You and me, we are vermin, we are mud from the same broken valley.
He could kill Nathan. Could erase his own seed from all worlds.
But she would never forgive him.
Nathan got on his knees, right beside his ancestor. He had searched for her, had dirtied his hands in the dirt of his own shortcomings and he had found her.
Time had never been on their side.
His ancestor looked back at him, the crescendo of questions becoming visible inside his reddened eyes: what is time for a man who cannot age? Her existence was a fragment, a small dot in an exaggerated straight line – but it was already over.
He cannot experience time but right now time has stopped. The pause is unbearably long. It's over. In the blink of an eye, all that magnitude, all that unmeasurable substance doesn't mean a thing.
It is over.
It is irreversibly over.
Already over.
Just like that.
Gone.
Your eyes gave you away.
As Yvo cried for the inevitable, both past and present stared at each other: Alex had chosen to protect Nathan but she would have done the same for Black. Are they the same man? Like Alex and Amanda, or Zar and Annie – it is the same face, the same blood, the same love, unaltered and evergreen?

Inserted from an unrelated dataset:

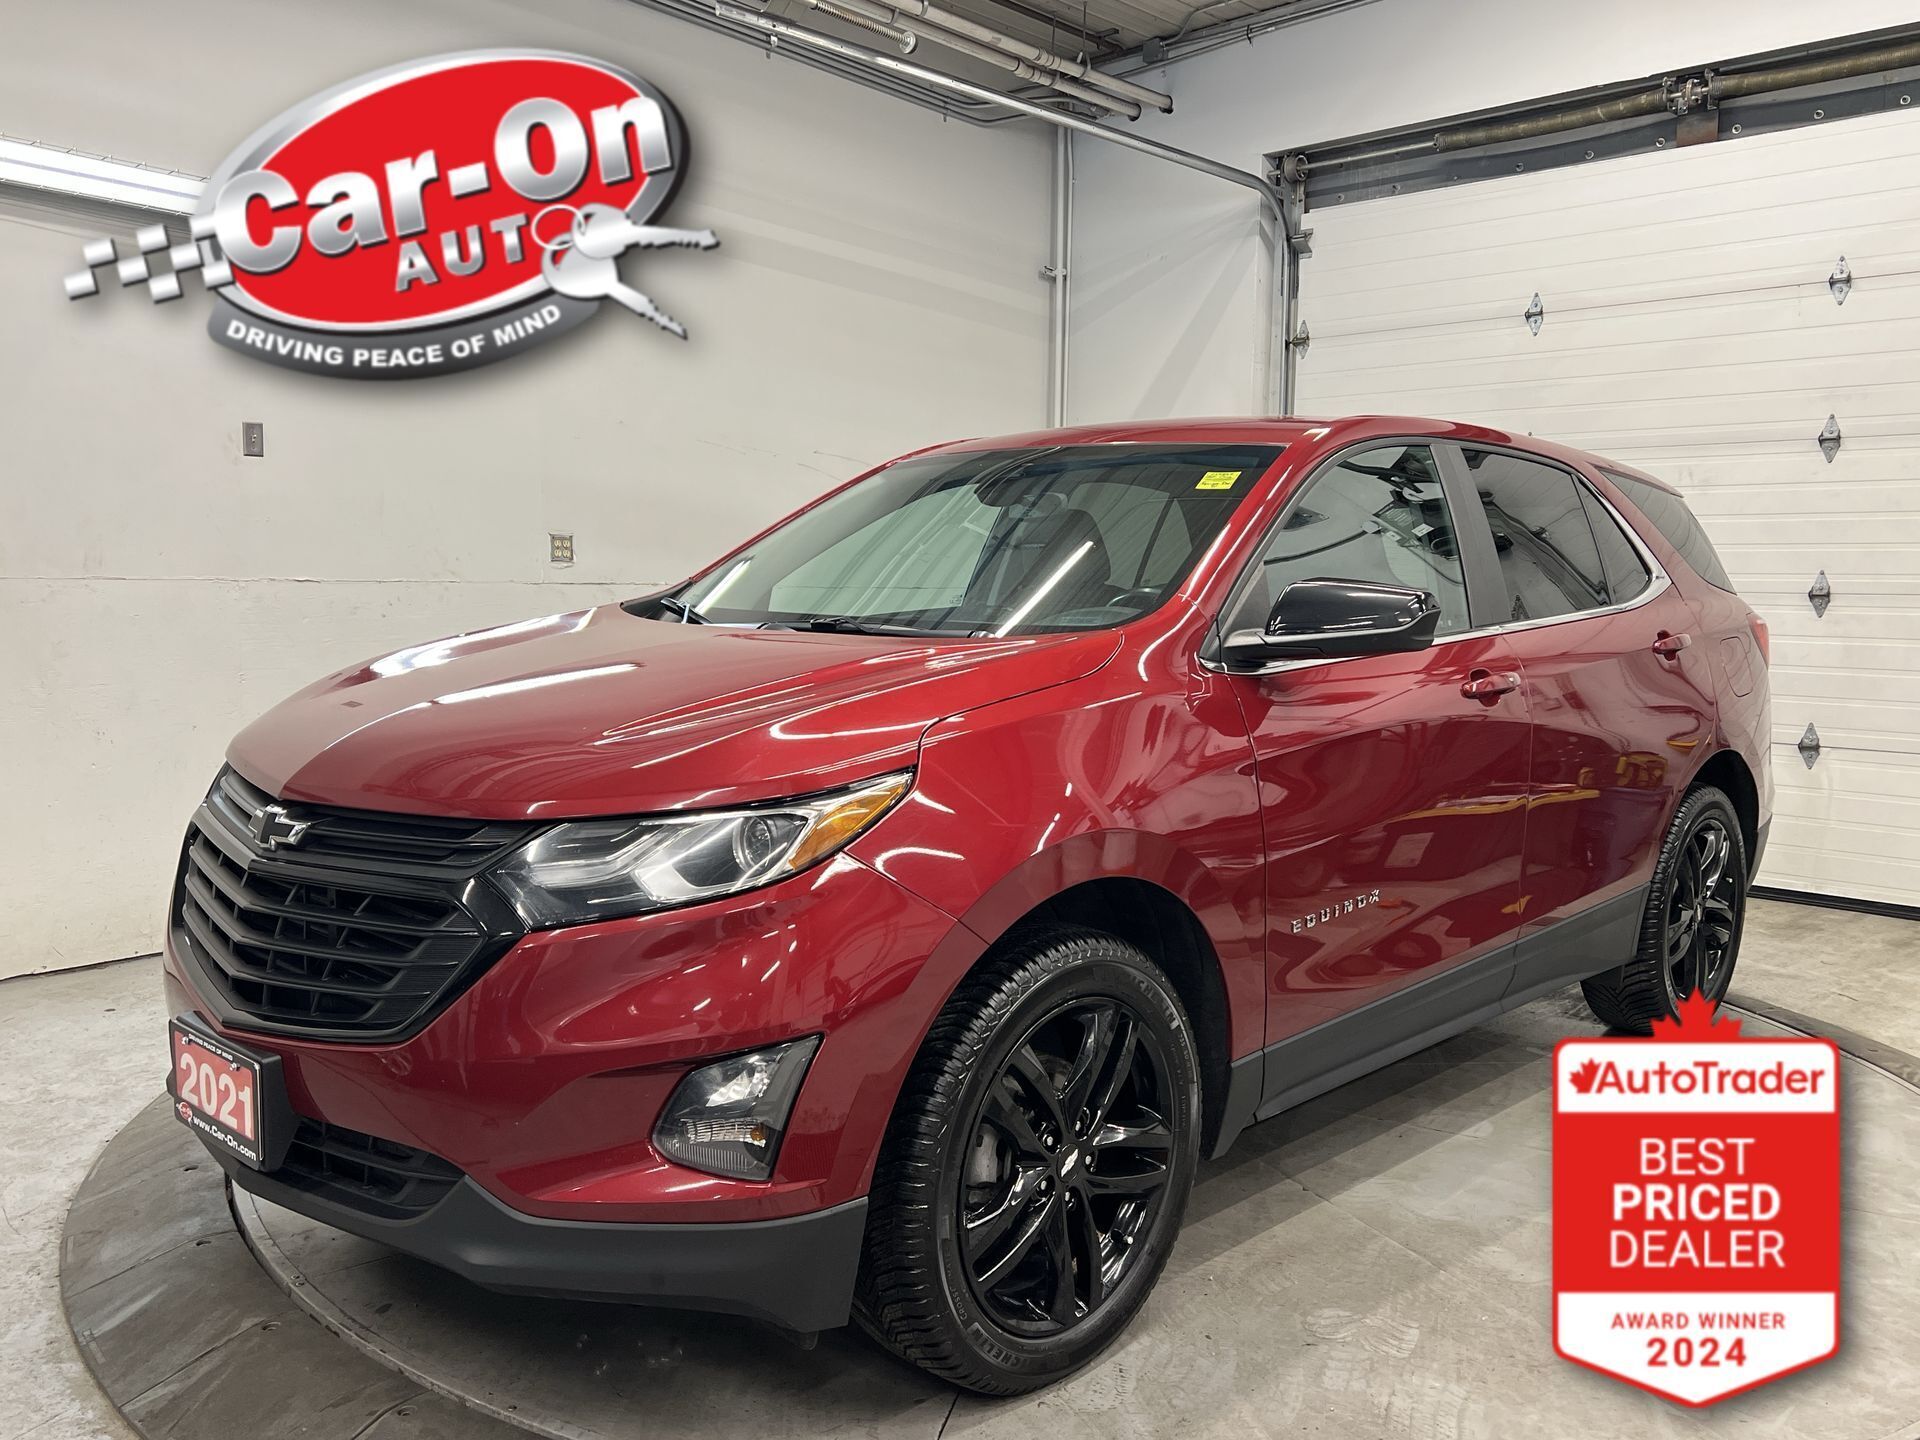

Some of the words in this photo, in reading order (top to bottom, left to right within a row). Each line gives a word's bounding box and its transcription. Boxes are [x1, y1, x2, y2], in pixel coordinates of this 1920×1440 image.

[1291, 888, 1380, 934] EQUINOX
[180, 1052, 252, 1139] 2021
[193, 1115, 257, 1162] www.Car-On.com

There was a tomb with her name on Earthrealm, but her body now rested someplace else. From that cold tomb to this green mausoleum, did she really exist between her deaths? Her death is the mother of all deaths: Amanda's death, his mother's death, Annie's death, Zar's death – but the list goes on and the names look like milestones in the path of pain and dissolution.
They buried her body under the silent trees as the Oppressed resisted in the frontlines of yet another battle.
But, without her, their personal wars were already lost.